Here is error log details :

[Thu Aug 27 06:15:15 2009] [error] [client 121.245.144.48] File does not exist: /home/mydomain/public_html/404.shtml

[Thu Aug 27 06:15:15 2009] [error] [client 121.245.144.48] File does not exist: /home/mydomain/public_html/favicon.ico

[Thu Aug 27 06:15:13 2009] [error] [client 121.245.144.48] File does not exist: /home/mydomain/public_html/404.shtml

[Thu Aug 27 06:15:13 2009] [error] [client 121.245.144.48] File does not exist: /home/mydomain/public_html/favicon.ico

[Thu Aug 27 06:14:32 2009] [error] [client 121.246.77.177] File does not exist: /home/mydomain/public_html/404.shtml, referer: [mydomain.com...]

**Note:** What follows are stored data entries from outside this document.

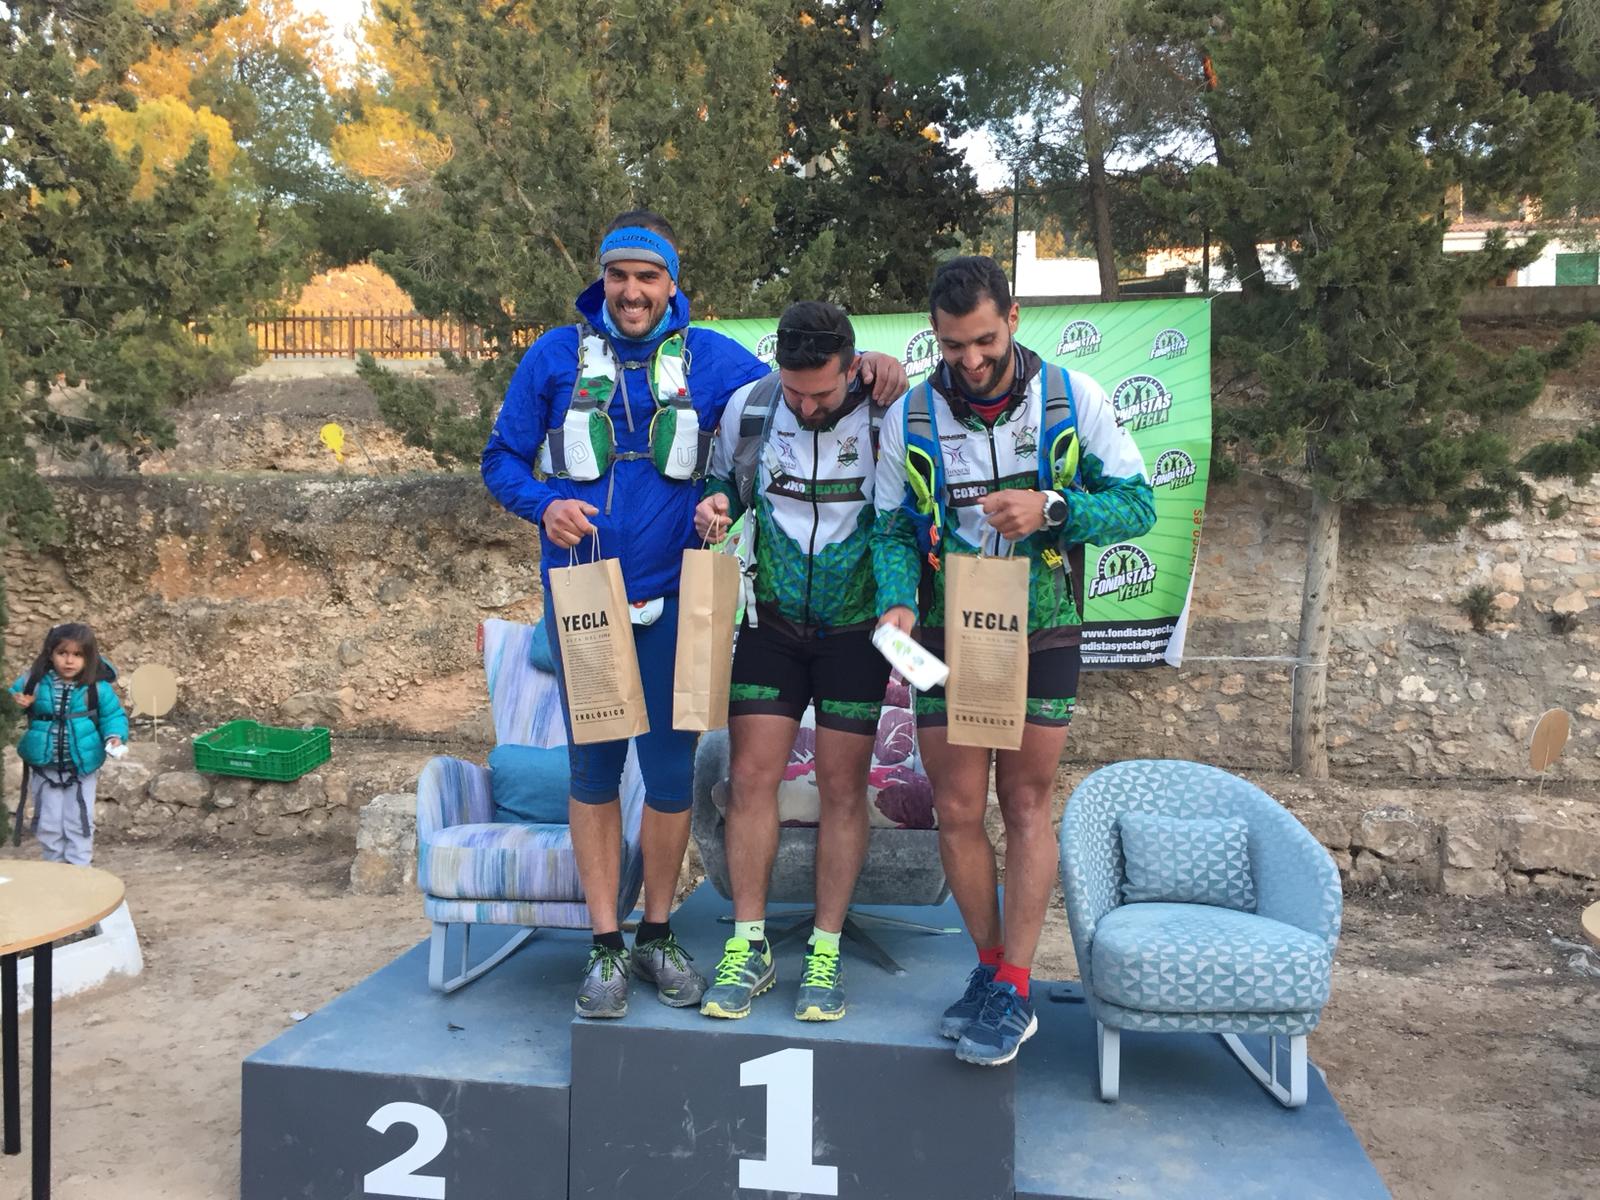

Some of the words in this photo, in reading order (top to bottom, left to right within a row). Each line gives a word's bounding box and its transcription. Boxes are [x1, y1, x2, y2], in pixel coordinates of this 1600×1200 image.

[1056, 334, 1102, 356] FONDISTAS
[1132, 409, 1168, 431] YECLA
[1151, 464, 1197, 488] FONDISTAS
[1169, 476, 1194, 490] YECLA
[1088, 564, 1157, 599] FONDISTAS
[1118, 580, 1154, 601] YECLA
[562, 610, 609, 632] YECLA
[962, 610, 1019, 632] YECLA
[738, 1048, 838, 1196] 1
[364, 1101, 448, 1200] 2
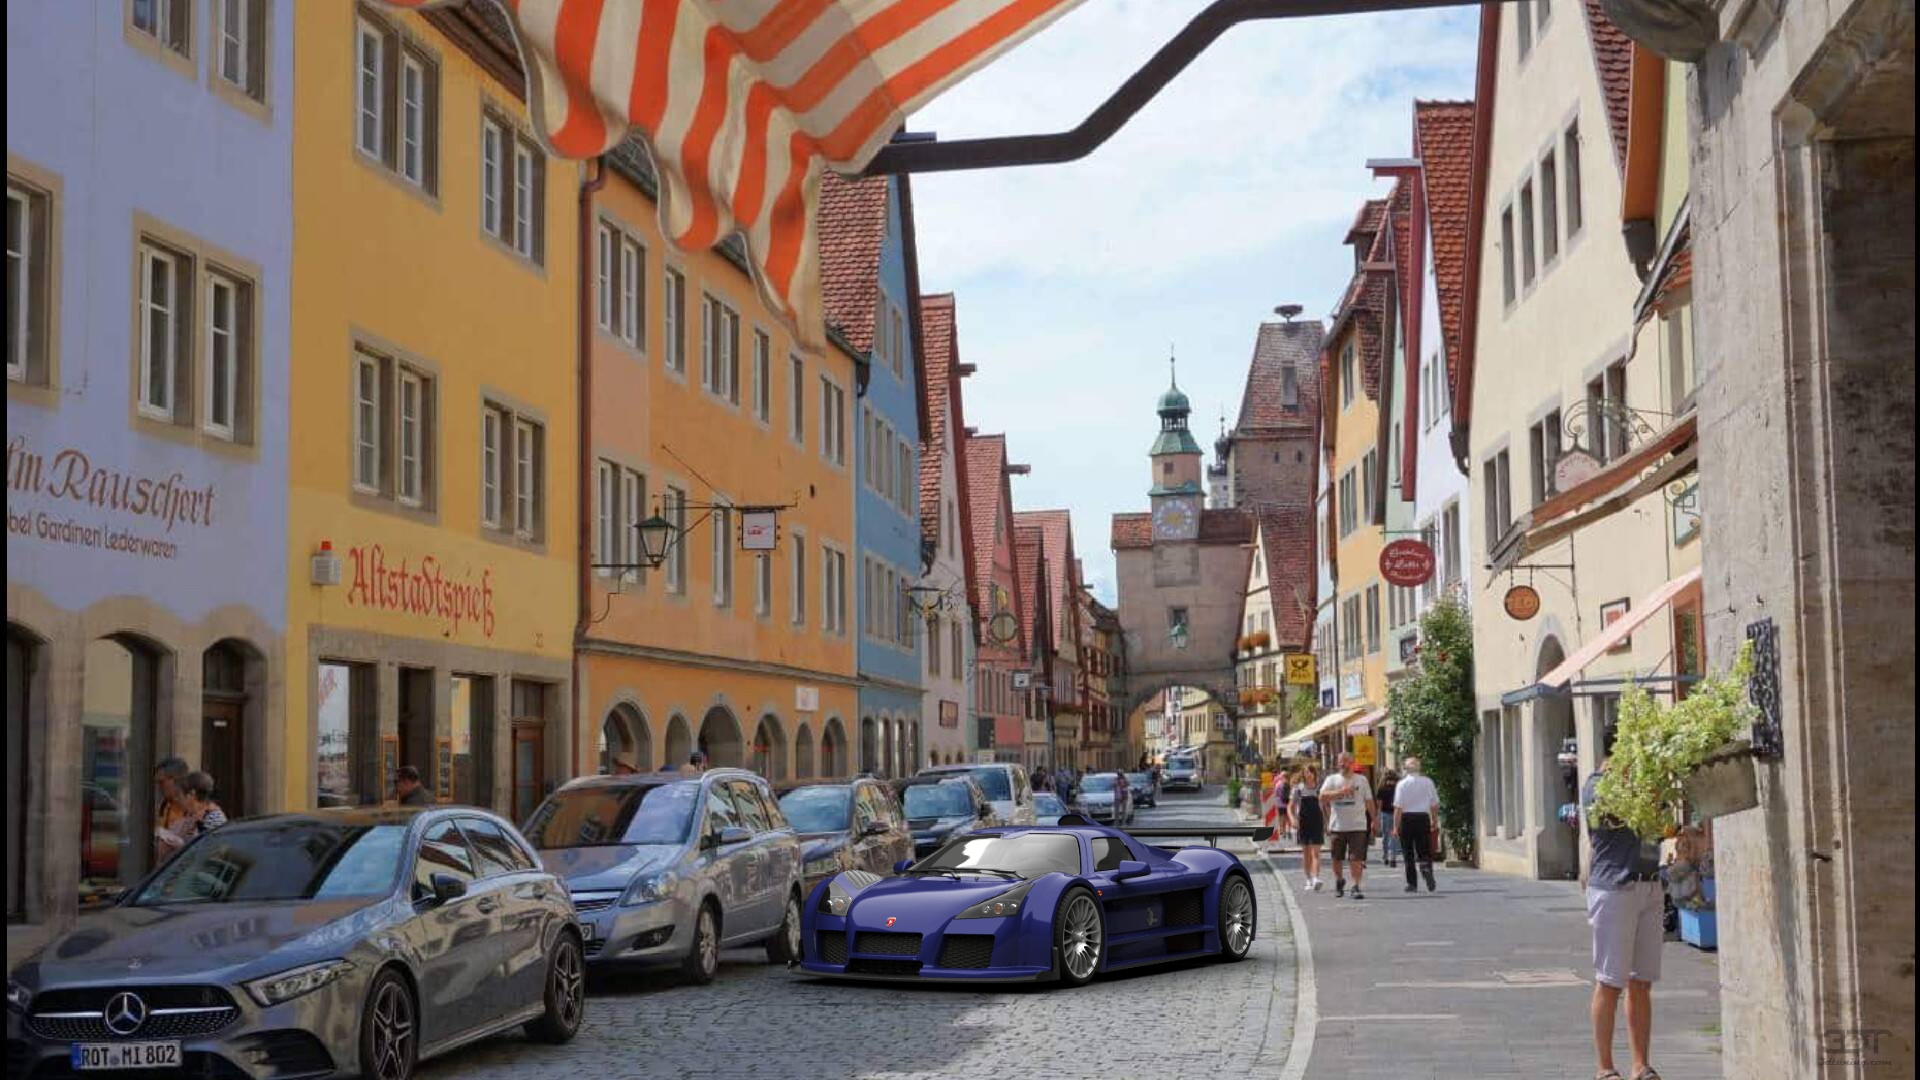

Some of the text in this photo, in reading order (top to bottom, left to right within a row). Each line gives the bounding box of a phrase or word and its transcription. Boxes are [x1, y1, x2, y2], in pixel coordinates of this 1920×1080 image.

[Thu Aug 27 06:14:32 2009] [error] [client 121.246.77.177] File does not exist: /home/mydomain/public_html/mydomain/css/admin/images/back.gif, referer: [mydomain.com...]

--Thanks--

jdMorgan

12:31 pm on Aug 27, 2009 (gmt 0)

WebmasterWorld Senior Member 10+ Year Member



You have declared /404.shtml as your custom 404 error document by using either the Apache ErrorDocument directive or (more likely) by ticking a box in the "Control Panel" for your site. This file does not exist, and you should either remove the custom error document declaration or create this custom 404 error file immediately. Otherwise, every time you get a 404, that will cause another 404, and another, and another. This represents an easy opportunity for an easy DOS attack on your server, so it is a serious problem.

The favicon.ico is being requested automatically by your browser. The fact that it does not exist is not serious -- unlike your missing custom error page above. However, you are losing out on an effective branding opportunity by not having a favicon for your site, and I'd recommend downloading one of the many free favicon-creator programs and making a small, low-resolution version of your site's logo for use as a favicon. The .ico format supports multiple resolution images combined in one .ico file; The best favicon creator programs will create these multi-resolution favicons at 16x16, 32x32, and 48x48 pixels, for use in various applications on the users' computers/devices.

Unfortunately, neither of the above may have anything to do with the 'big' problem of you page not appearing, but your error log gives no indication of a problem serving the *page*. It only reports the two problems above. However, since there's an error on the 404 handling, this 404-handling problem may be 'hiding' the original problem that results in your pages not being served.

I suspect that your pages are dynamically-created and that the script that generates your pages has a problem. Look around for any other script-related error logs on the server, and try (as a test only) replacing one of your dynamic pages with a static HTML file. Then try to view that page and see whether it always works or not. If it does, you can rule out most basic caching problems, reducing the number of possible problems you'll have to investigate.

Finally, check the filepath on the request for 'back.gif' (the last error logged above). Is that filepath entirely correct? If not, then you've got some problem with the URL-to-filepath mapping on the server, caused by errors in configuration, errors in rewriting (e.g. mod_dir, mod_rewrite, etc.), errors in #include and #require statements in your scripts, or errors in the links on your pages -- for example, I find it suspicious that your back.gif file seems to be located in your css directory tree according to the path shown in that error log entry.